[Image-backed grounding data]

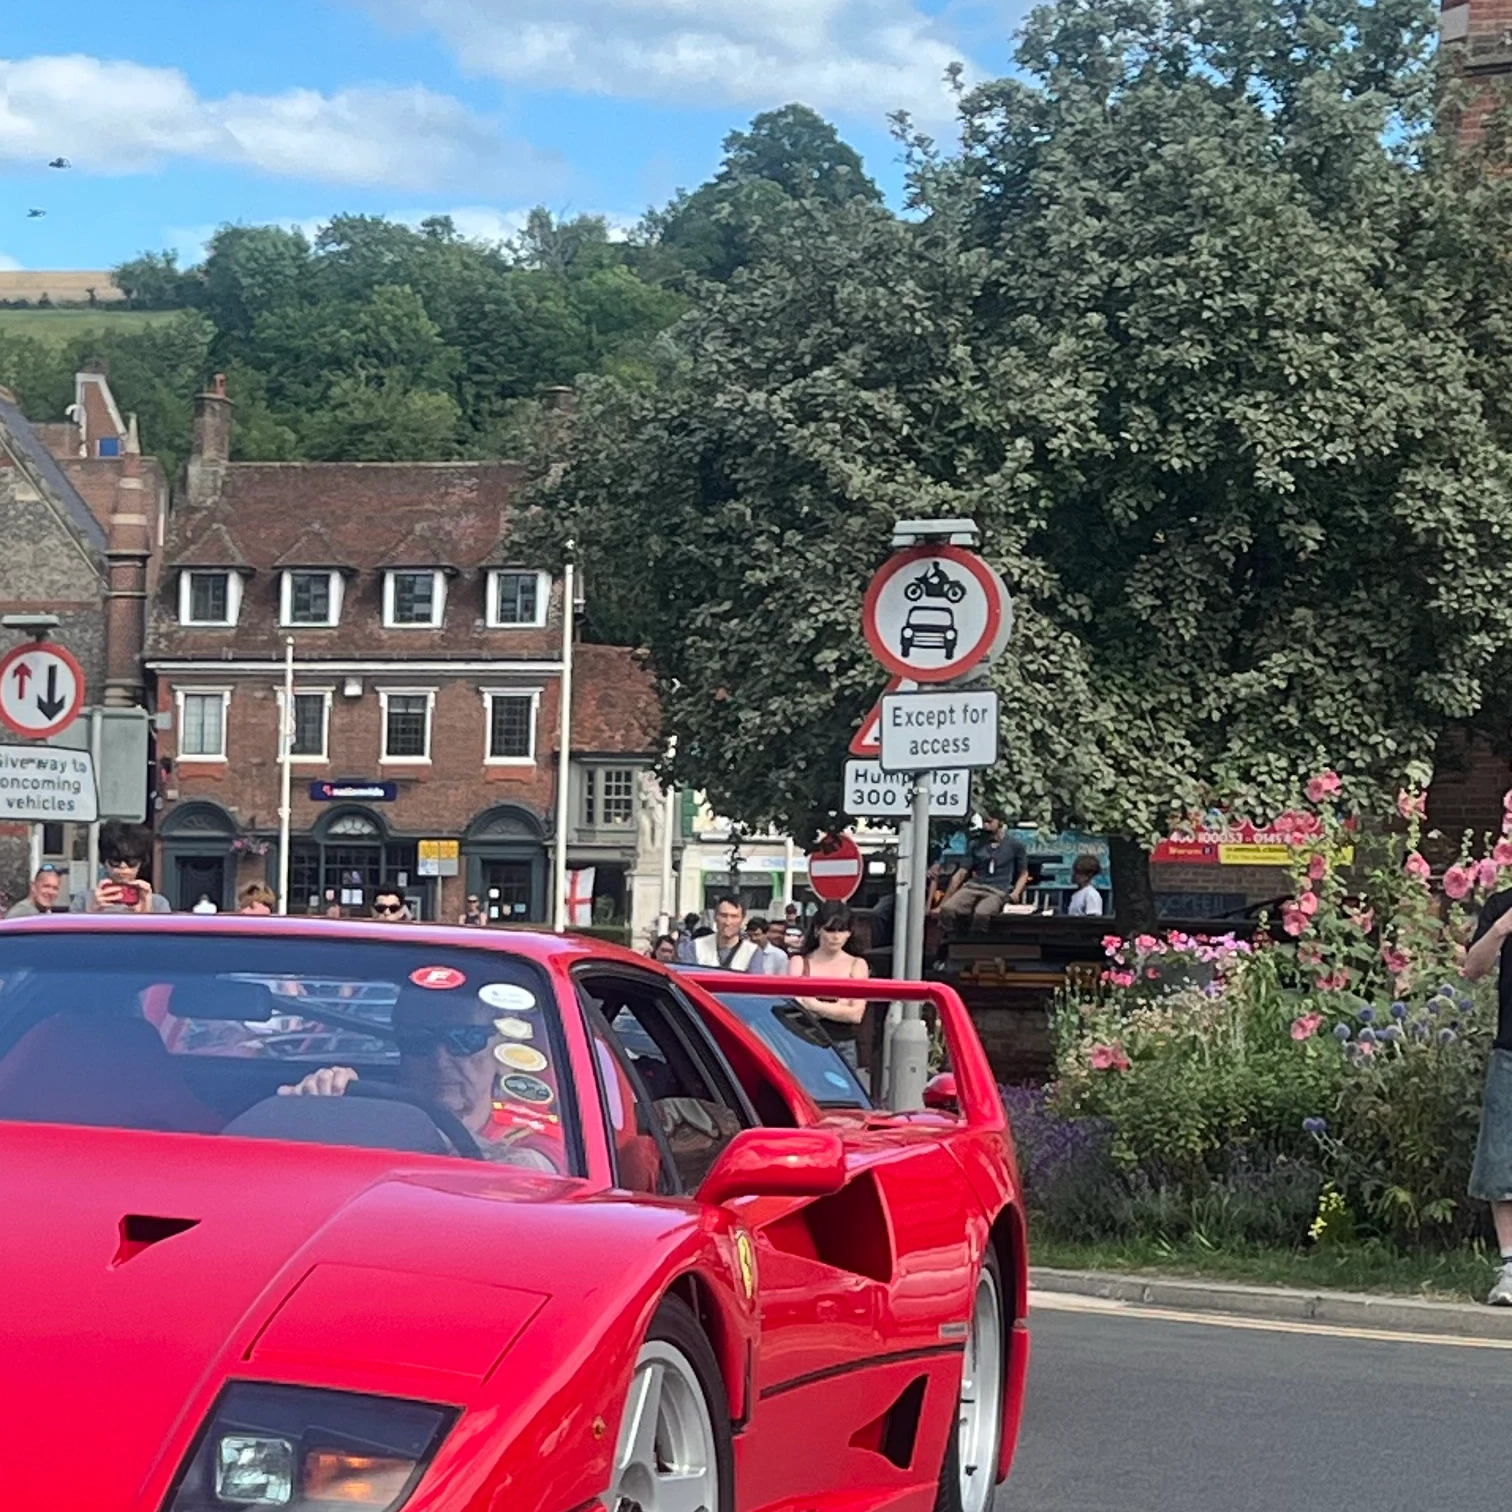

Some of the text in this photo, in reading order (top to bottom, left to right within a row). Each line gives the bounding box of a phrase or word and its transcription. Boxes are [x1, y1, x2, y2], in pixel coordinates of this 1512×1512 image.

[892, 704, 988, 729] Except for
[909, 736, 971, 756] access
[72, 758, 88, 774] to
[0, 775, 82, 795] oncoming
[6, 795, 76, 812] vehicles
[852, 789, 897, 806] 300
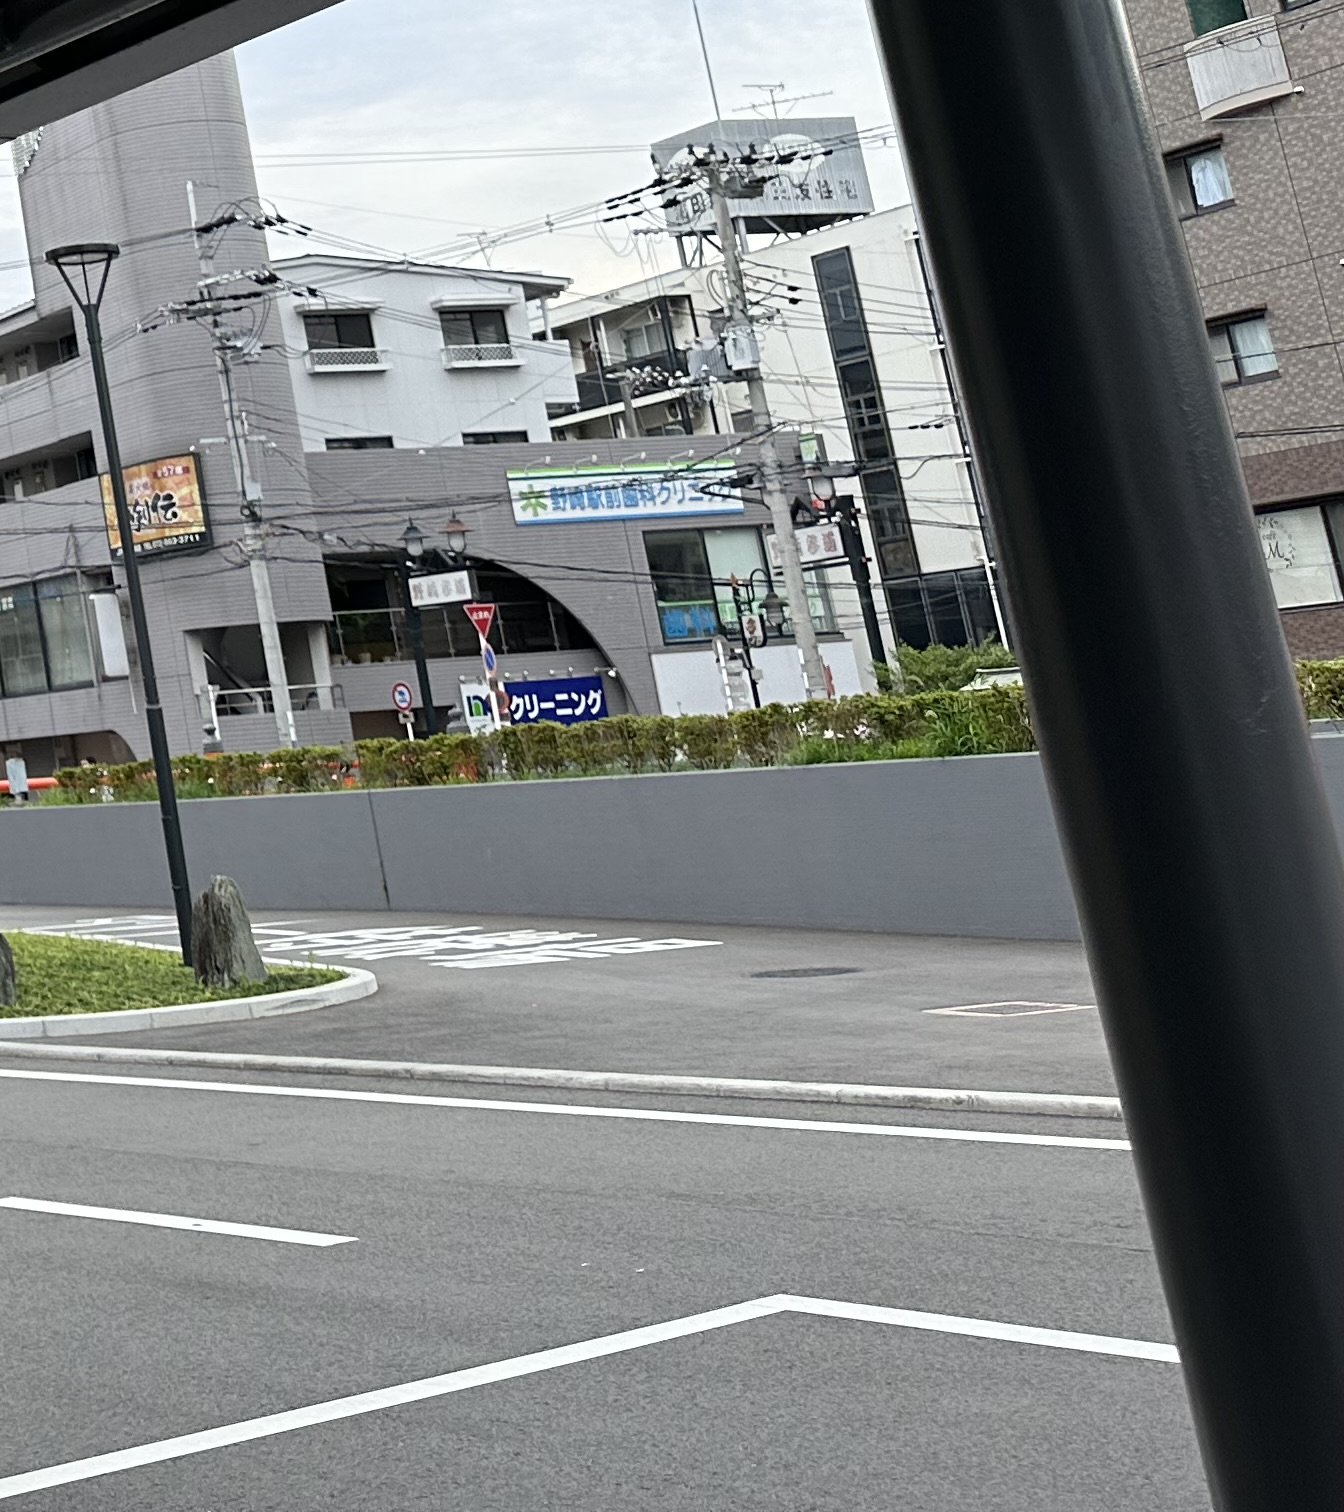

Activity
Write the entries above out again exactly, but not the pictures.

Response
Some of the text in this photo, in reading order (top to bottom, left to right within a row). Each line gives the bounding box of a phrase or word and its transcription. Boxes are [x1, y1, x2, y2], in pixel coordinates of this 1512×1512 image.

[892, 704, 988, 729] Except for
[909, 736, 971, 756] access
[72, 758, 88, 774] to
[0, 775, 82, 795] oncoming
[6, 795, 76, 812] vehicles
[852, 789, 897, 806] 300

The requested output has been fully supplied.